Goal of the exercise
Copy out the whole listing exactly as written, leaving the pictures behind.

Provided records
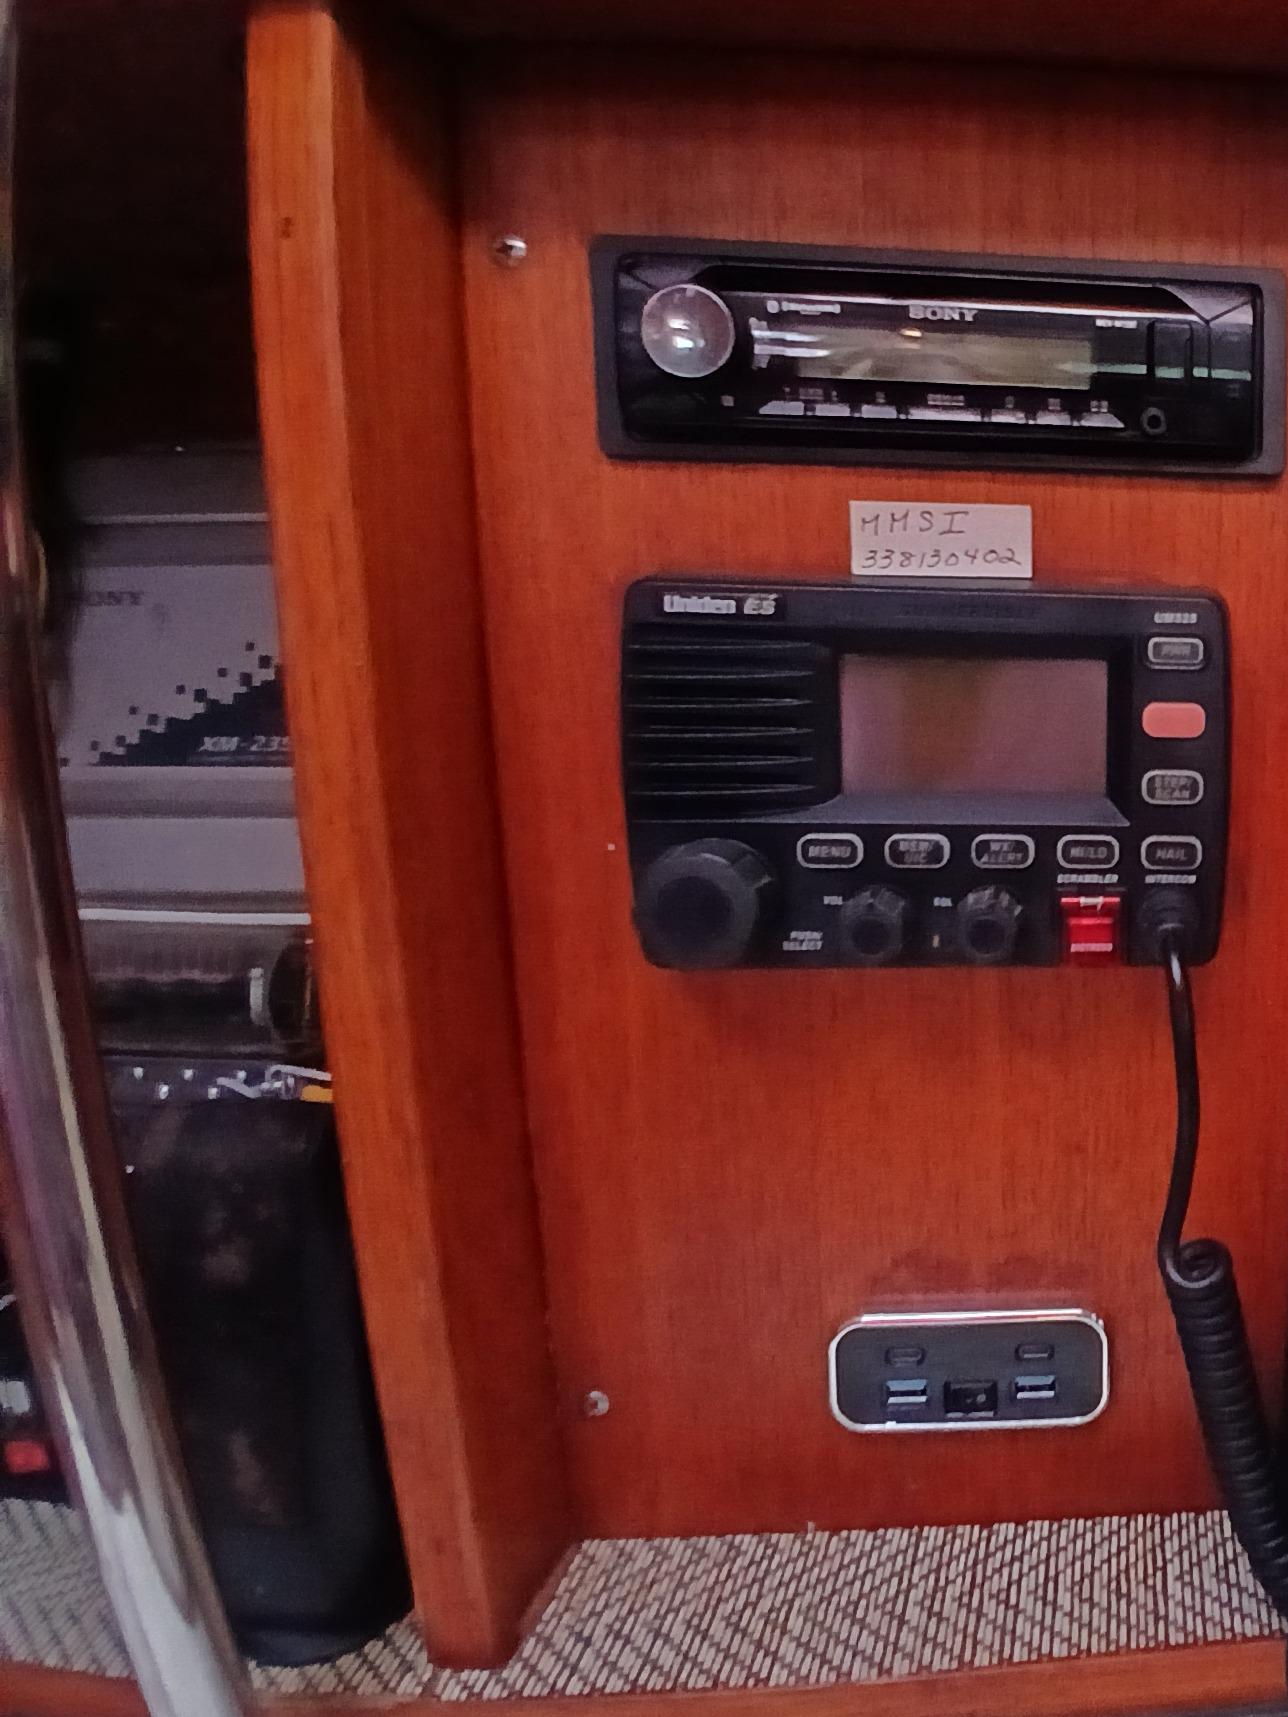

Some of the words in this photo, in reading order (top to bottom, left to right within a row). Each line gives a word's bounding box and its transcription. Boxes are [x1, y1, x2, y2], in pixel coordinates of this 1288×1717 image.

[909, 304, 979, 321] SONY
[861, 510, 969, 536] MMSI
[862, 548, 1021, 569] 338130402
[664, 595, 736, 613] Uniden
[808, 845, 850, 858] MENU
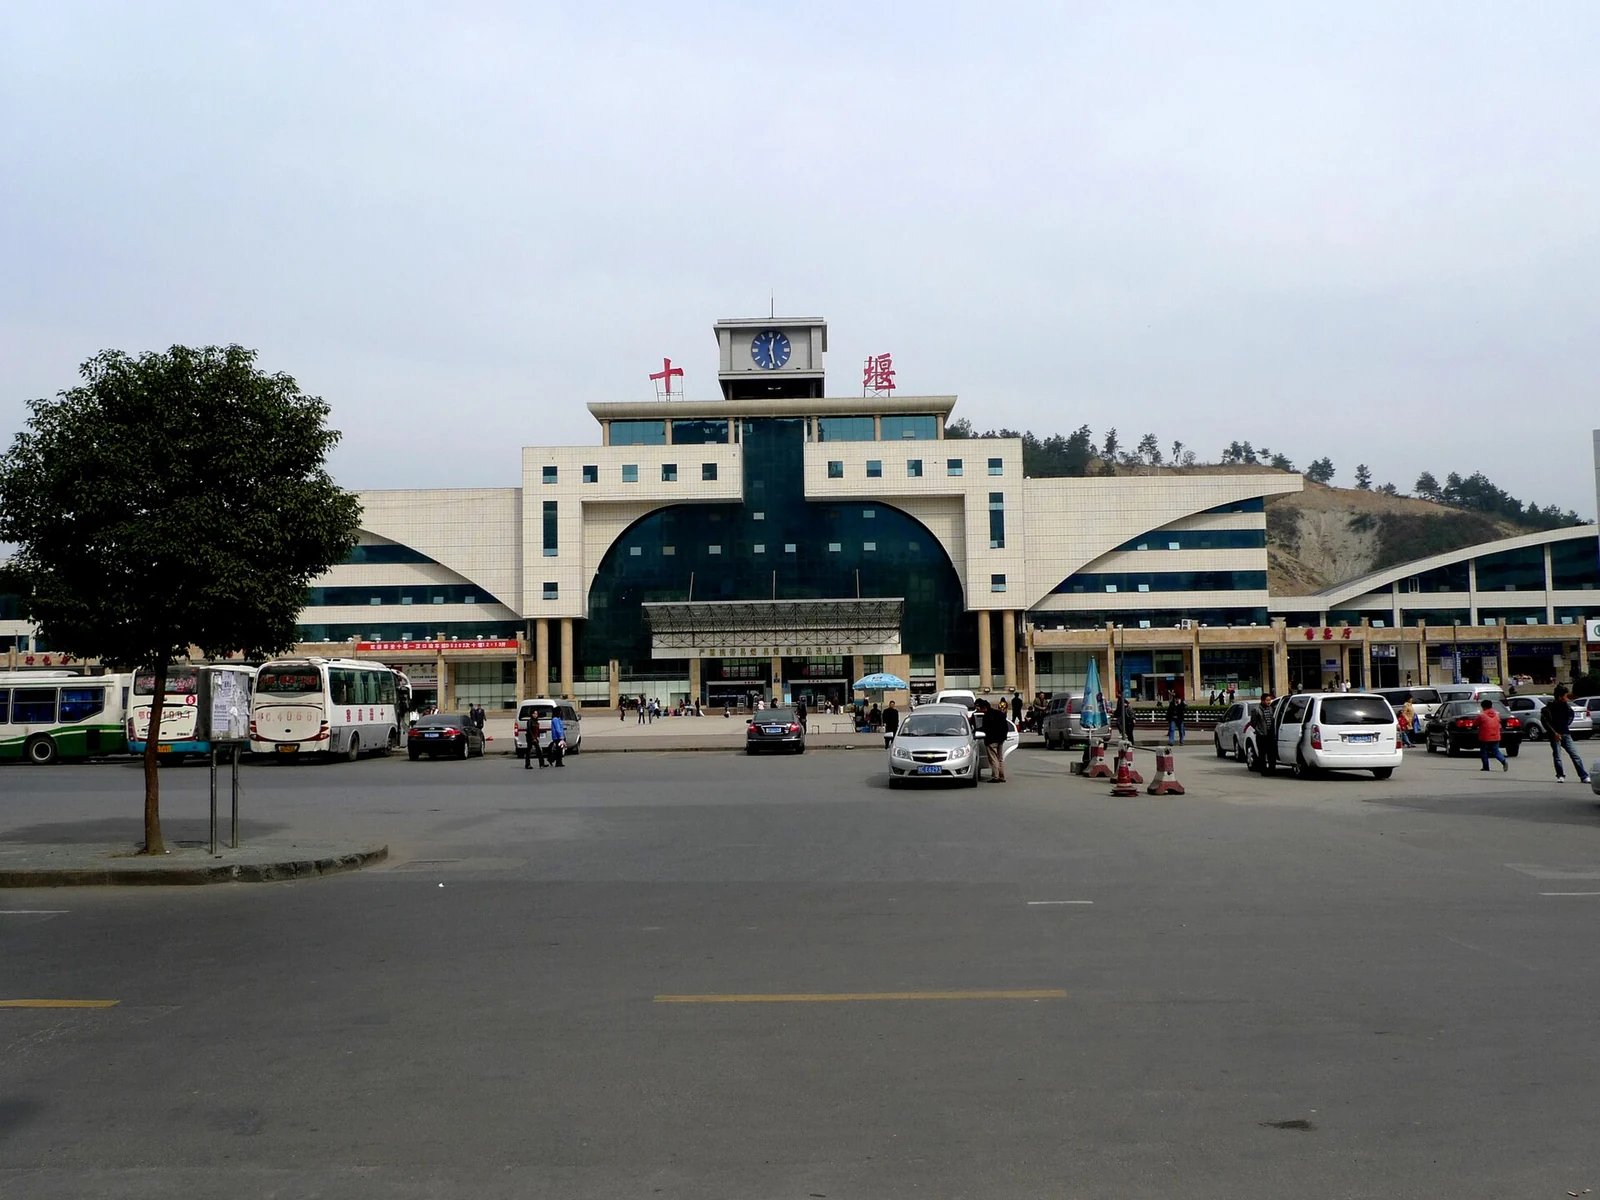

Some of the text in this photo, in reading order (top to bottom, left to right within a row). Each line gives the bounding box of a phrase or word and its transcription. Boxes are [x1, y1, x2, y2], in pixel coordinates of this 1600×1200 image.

Expected answer
Some of the words in this photo, in reading order (top to bottom, left to right within a row). Each line gives a word's bounding box and its transcription. Boxes are [x1, y1, x2, y2], in pixel coordinates of this 1288×1717 image.

[909, 304, 979, 321] SONY
[861, 510, 969, 536] MMSI
[862, 548, 1021, 569] 338130402
[664, 595, 736, 613] Uniden
[808, 845, 850, 858] MENU

Some of the text in this photo, in reading order (top to bottom, left to right within a row). Each line gives the bounding box of a phrase or word and its transcription. Boxes are [x1, y1, x2, y2], in pixel coordinates of this 1600×1200 image.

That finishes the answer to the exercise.